Fourth Semantic Content Workshop
26–27 November 2012
Provisional list of speakers:
Invited Speakers:
Jeff Speaks (Notre Dame)
Dan Zeman (IJN Paris)
Daniel Cohnitz (Tartu)
Project speakers:
Max Kölbel (ICREA/LOGOS/UB Barcelona)
Stefano Predelli (Nottingham)
Isidora Stojanovic (IJN Paris/UPF Barcelona)
The Workshop will be held in Seminari del Dept de Lógica (room 4047) at the Faculty of Philosophy, Universitat de Barcelona, c/Montalegre 6, 08001 Barcelona. Registration will be required (contact Paco Murcia on logos.barcelona@gmail.com), but will be free.
Provisional Programme:
Monday 26 November 2012
10.30–12.00 Jeff Speaks: "Speaker, hearer, and coordination in the metasemantics of demonstratives"

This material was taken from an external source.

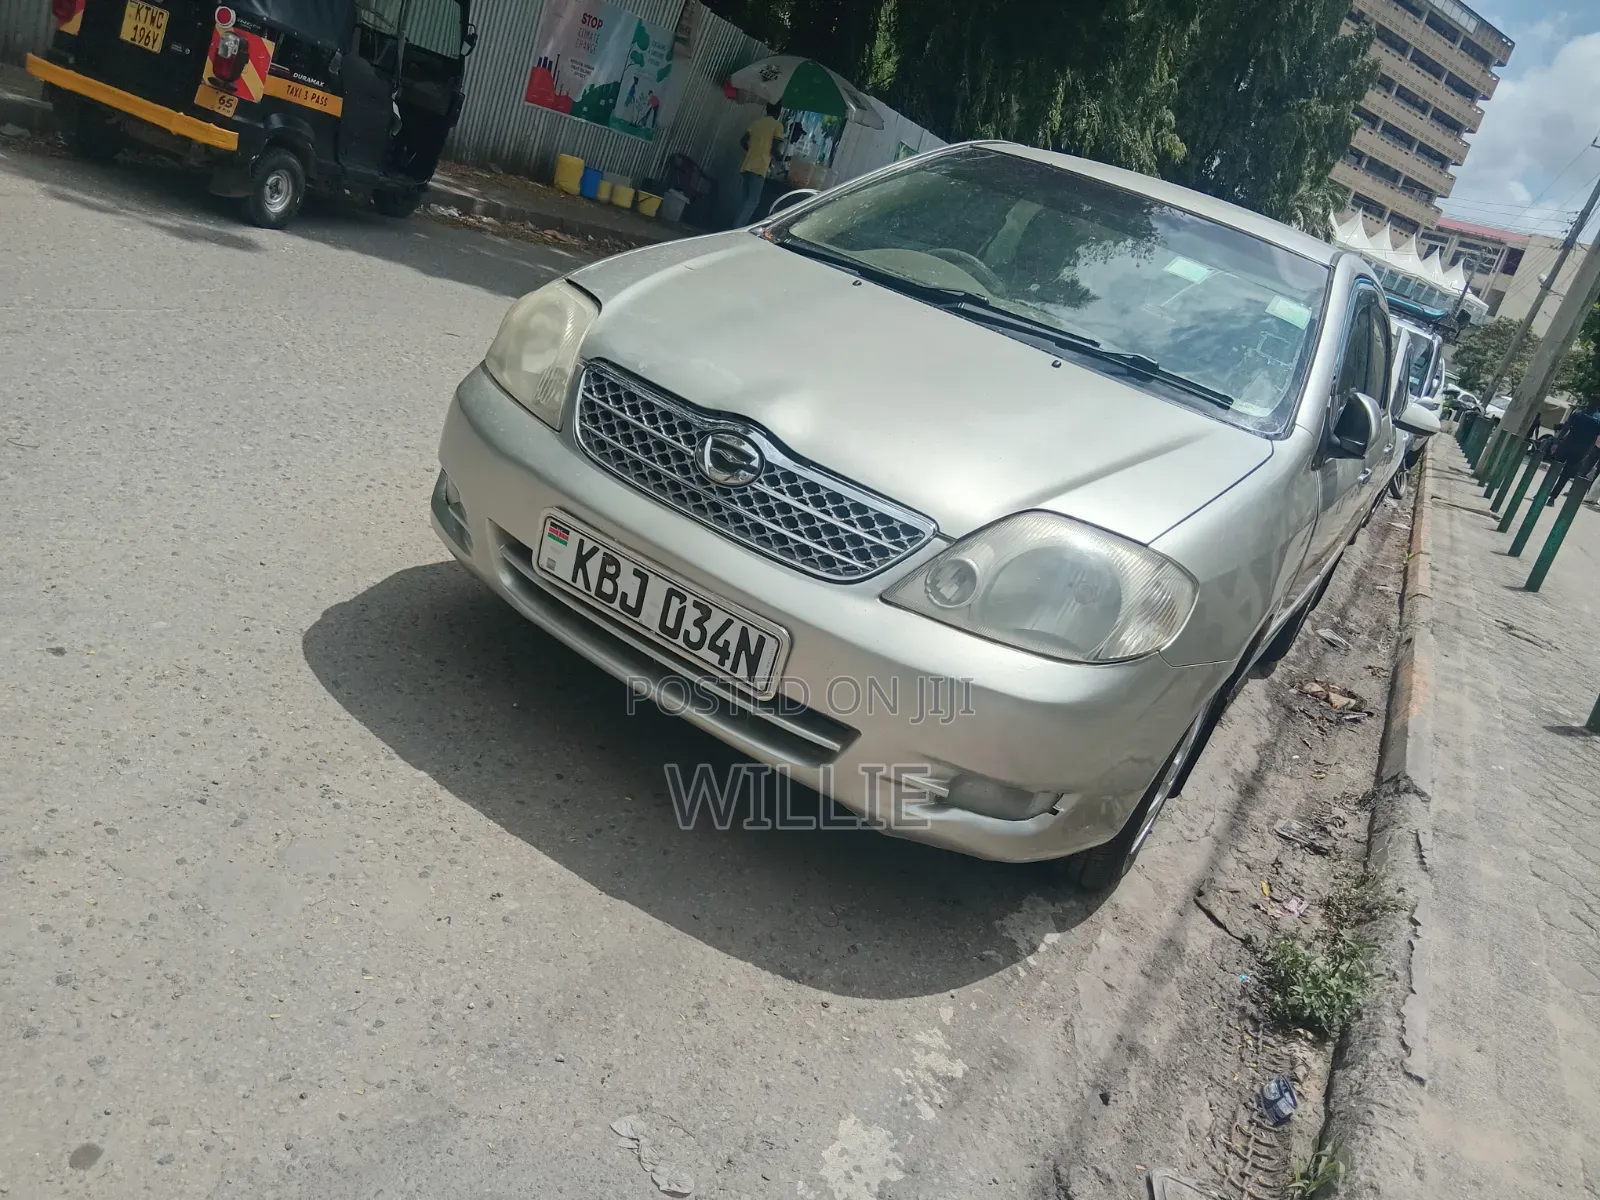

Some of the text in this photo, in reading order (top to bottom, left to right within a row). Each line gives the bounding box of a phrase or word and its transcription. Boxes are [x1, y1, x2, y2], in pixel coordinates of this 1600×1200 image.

12.15–13.45 Max Kölbel: "What do Semantic Theories Model?"
Lunch
15.30–17.00 Isidora Stojanovic: "Postsemantics/Prepragmatics: Widening the Semantics/Pragmatics Boundary"
Tuesday 27 November 2012
10.30–12.00 Daniel Cohnitz: Theories of Reference and their Role in Explaining Successful Communication
12.15–13.45 Dan Zeman: "Temporal Variadic Operators"
Lunch
15.30–17.00: Stefano Predelli: "'I not so think as you drunk I am': Malapropisms and Other Mistakes"
Paper abstracts:
Max Kölbel: What do Semantic Theories Model?
In this paper, I attempt to develop a coherent conception of how semantic theories model empirical phenomena.
Jeff Speaks: Speaker, hearer, and coordination in the metasemantics of demonstratives
Standard accounts of the metasemantics of demonstratives appeal to demonstrations and speaker intentions. Both face serious problems. Jeff King has recently argued that we can do better by letting facts about (idealized) audiences play a role. I present some problems for his view, and argue that a more sophisticated version of the intention theory fares better.
Isidora Stojanovic: Postsemantics/Prepragmatics:Widening the Semantics/Pragmatics Boundary
One of the most important and, at the same time, most controversial issues in metasemantics is the question of what semantics is, and what distinguishes semantic features (properties, phenomena, processes, or whatever) for other features (or whatever else). The issue is intimately linked with the debate over the semantics-pragmatics distinction, which has been vibrant for a decade or two, but seems to be reaching an impasse. This paper argues that a possible reason for this may be the failure to recognize a distinct realm, which should not be subsumed under either semantics or pragmatics, but may be labeled "postsemantics" – or, for that matter, "prepragmatics". The ultimate goal of the paper is to put forward and defend a new picture of our language architecture, according to which: semantic content is strictly poorer than the lexically encoded content (and therefore doesn't involve or depend on any contextually determined elements, not even the reference of indexicals and demonstratives); pragmatics, as it is commonly assumed, does not reach into truth-conditions and does not affect truth-value, and its mechanisms require the capacity of representing, and reasoning about, one's beliefs and intentions; and, finally, there is a distinctive postsemantic/prepragmatic level, at which sentences and/or utterances get evaluated for their truth value (but also for other properties, such as their modal status or their assertoric content), and which takes into account various contextual information.
Dan Zeman: Temporal Variadic Operators
In this paper I introduce and develop an approach to tenses and temporal expressions that treats them by appeal to variadic operators (operators from predicates to predicates). Although diverging from standard temporalist treatments that see tenses and temporal expressions as sentential operators, the approach nevertheless supports temporalism in the sense that it allows verbs to be understood as temporally neutral. Thus, I first introduce variadic operators and show that similar tools have been employed by philosophers and linguists working in different frameworks, dispelling the feeling of oddness that variadic operators have given rise to. Then I show in detail how tenses and temporal expressions are treated by appeal to temporal variadic operators, conceived in the manner of Recanati (2007). Finally, I test the approach by tackling some hard cases, such as sequence of time phenomena, temporal anaphora, etc.